XQuery also has two other prefix-related functions: in-scope-prefixes and namespace-uri-for-prefix. The in-scope-prefixes function returns a list of all the prefixes that are in scope for a given element, as a sequence of strings. The namespace-uri-for-prefix function retrieves the namespace URI associated with a particular prefix, in the scope of a specified element. Because most processing is based on namespaces rather than prefixes (which are technically irrelevant), these functions are not especially useful to the average query writer.

Working with URIs

Uniform Resource Identifiers (URIs) are used to uniquely identify resources, and they may be absolute or relative. Absolute URIs provide the entire context for identifying the resources, such as http://datypic.com/prod.html. Relative URI references are specified as the difference from a base URI, such as ../prod.html. A URI reference may also contain a fragment identifier following the # character, such as ../prod.html#shirt.

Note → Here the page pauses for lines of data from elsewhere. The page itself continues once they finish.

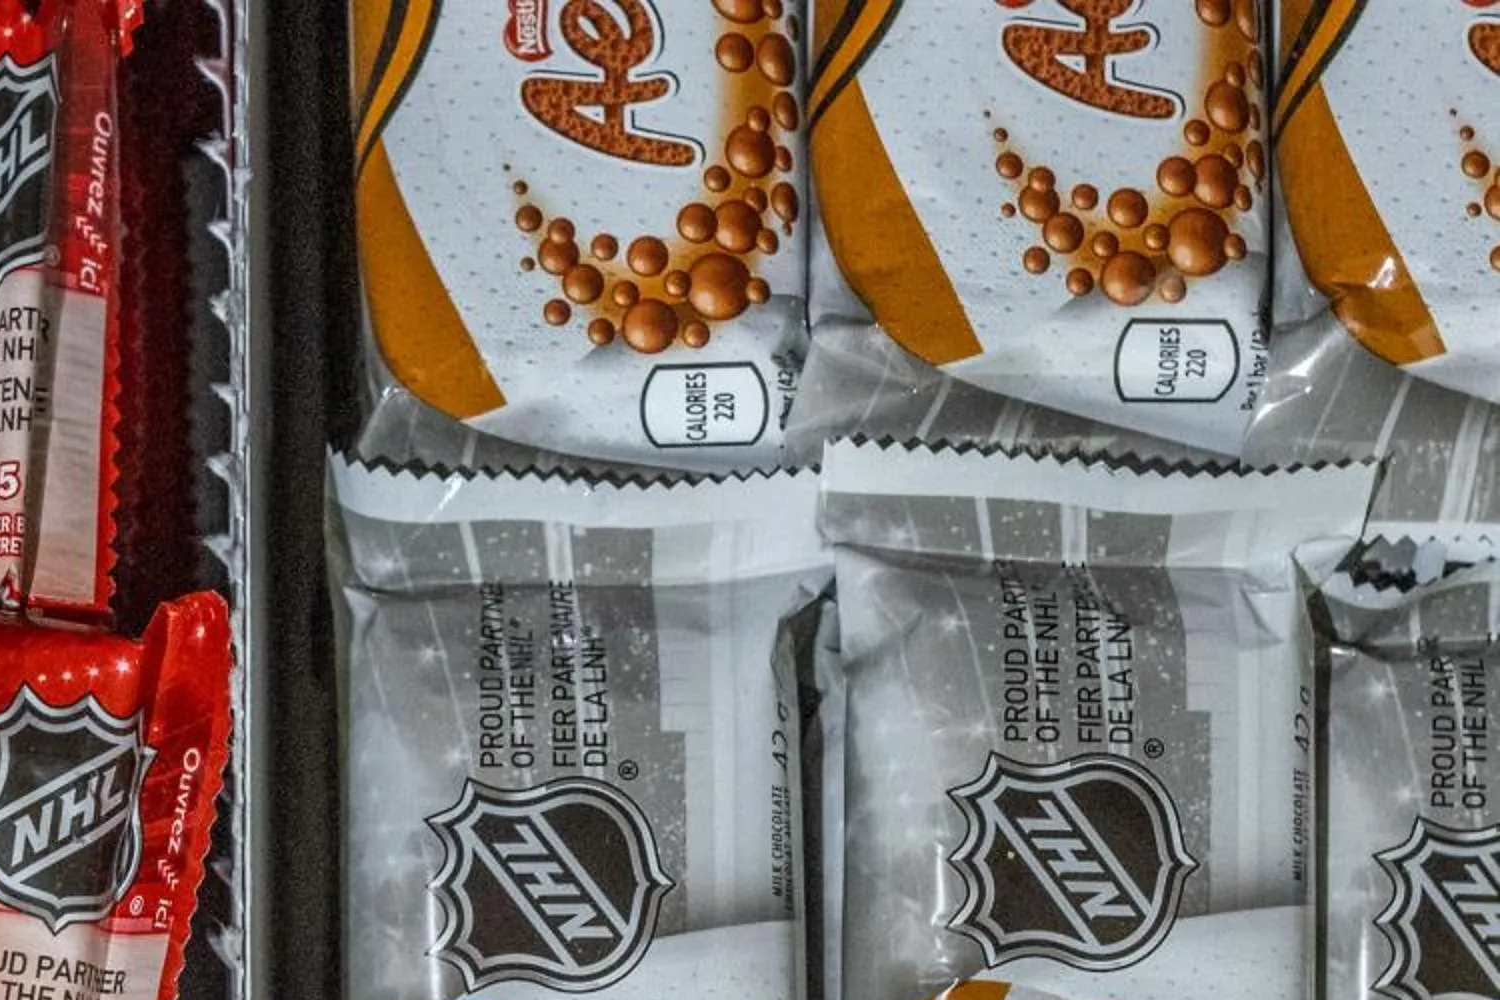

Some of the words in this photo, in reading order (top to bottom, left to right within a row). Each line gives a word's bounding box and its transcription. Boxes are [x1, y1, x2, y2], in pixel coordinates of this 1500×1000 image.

[88, 112, 113, 217] Ouvrez
[1155, 327, 1182, 397] CALORIES
[1187, 348, 1208, 380] 220
[686, 371, 708, 443] CALORIES
[714, 392, 736, 422] 220
[510, 673, 535, 727] THE
[1003, 649, 1029, 743] PROUD
[1035, 648, 1060, 702] THE
[1107, 668, 1132, 702] LA
[479, 677, 504, 769] PROUD
[582, 689, 608, 724] LA
[1035, 707, 1060, 743] OF
[1077, 686, 1103, 743] FIER
[1107, 708, 1133, 744] DE
[510, 731, 535, 769] OF
[551, 709, 577, 768] FIER
[582, 731, 608, 768] DE
[1430, 715, 1456, 809] PROUD
[1461, 714, 1487, 767] THE
[11, 766, 126, 867] NHL
[167, 747, 201, 855] Ouvrez
[1461, 774, 1487, 810] OF
[771, 783, 784, 860] CHOCOLATE
[493, 823, 614, 942] NHL
[771, 863, 783, 898] MILK
[1017, 800, 1140, 921] NHL
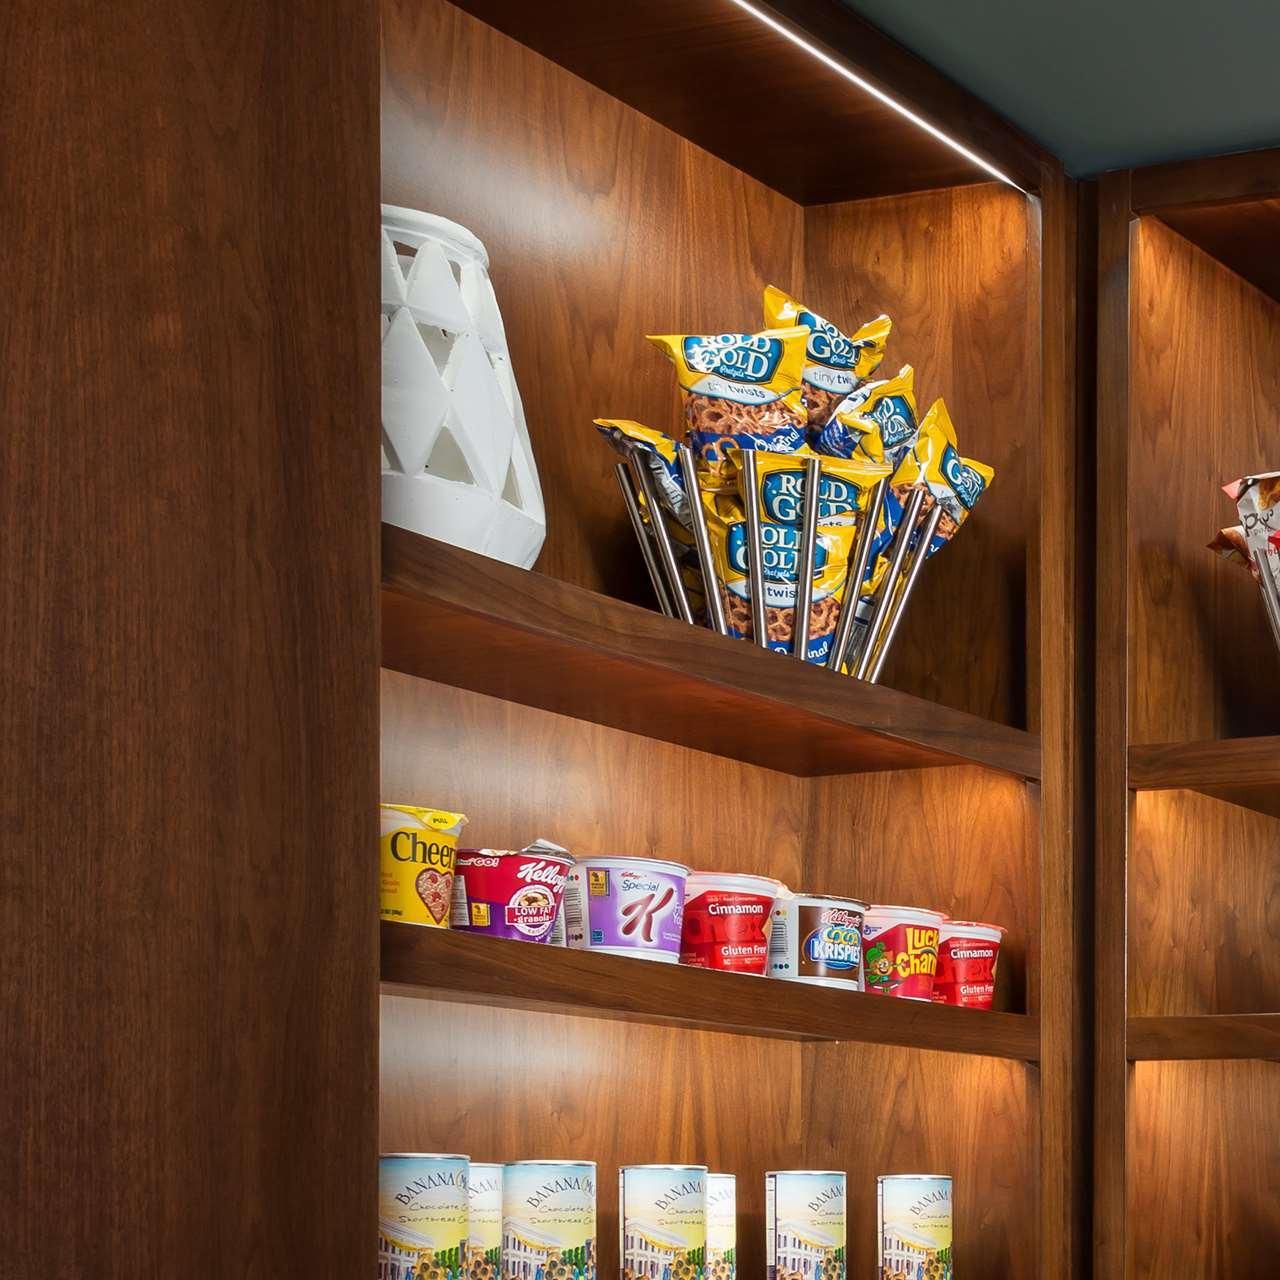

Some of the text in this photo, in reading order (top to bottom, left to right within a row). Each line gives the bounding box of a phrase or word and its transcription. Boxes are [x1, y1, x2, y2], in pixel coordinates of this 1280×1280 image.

[622, 879, 660, 892] Special
[515, 907, 537, 916] LOW
[622, 887, 675, 943] K
[708, 903, 764, 916] Cinnamon
[721, 945, 752, 956] Gluten
[950, 949, 994, 960] Cinnamon
[960, 985, 984, 994] Gluten
[395, 1171, 456, 1206] BANANA
[526, 1176, 581, 1209] BANANA

The three previous examples happen to be HTTP Uniform Resource Locators (URLs), but URIs also encompass URLs of other schemes (e.g., FTP, gopher, telnet), as well as Uniform Resource Names (URNs). URIs are not required to be dereferenceable; that is, it is not necessary for there to be a web page or other resource at http://datypic.com/prod.html in order for this to be a valid URI. Sometimes URIs just serve as names. For example, in XQuery, URIs are used as the names of namespaces and collations.

Internationalized Resources Identifiers (IRIs) are an extension of URIs that allow a wider, more international set of characters to appear without being escaped. Generally, the term URI is used in this book (and in the XQuery specification) to mean “URI or IRI.” There are no functions or operations in XQuery that support URIs without also supporting IRIs.

The built-in type xs:anyURI represents a URI reference. Most XQuery functions that accept URIs as arguments call for xs:string values instead, but an xs:anyURI value is acceptable also. This is because of a special type-promotion rule that allows xs:anyURI values to be automatically promoted to xs:string when a string is expected. Most of the URI-related functions return xs:anyURI values, following the philosophy of being liberal in what they accept and specific in what they produce.

Base and Relative URIs

Relative URIs are interpreted relative to an absolute URI, known as a base URI. For example, the relative URI prod.html is useless unless interpreted in the context of an absolute URI. In HTML documents, the base URI is often the URI of the document itself. If an HTML document is located at http://datypic.com/order.html, and it contains a link to prod.html, that prod.html relative URI is resolved in the context of the http://datypic.com/order.html, and the link points to http://datypic.com/prod.html.

Using the xml:base attribute

In XML documents, you can also explicitly specify a base URI using the xml:base attribute. The scope of each xml:base attribute is the element on which it appears and all its content.

Example 21-3 shows an XML document that uses the xml:base attribute on the catalog elements, with relative URI references (the href attributes) for each product. The href="prod443.html" attribute of the first product element, for example, is resolved relative to the xml:base attribute of the first catalog element, namely http://datypic.com/ACC/.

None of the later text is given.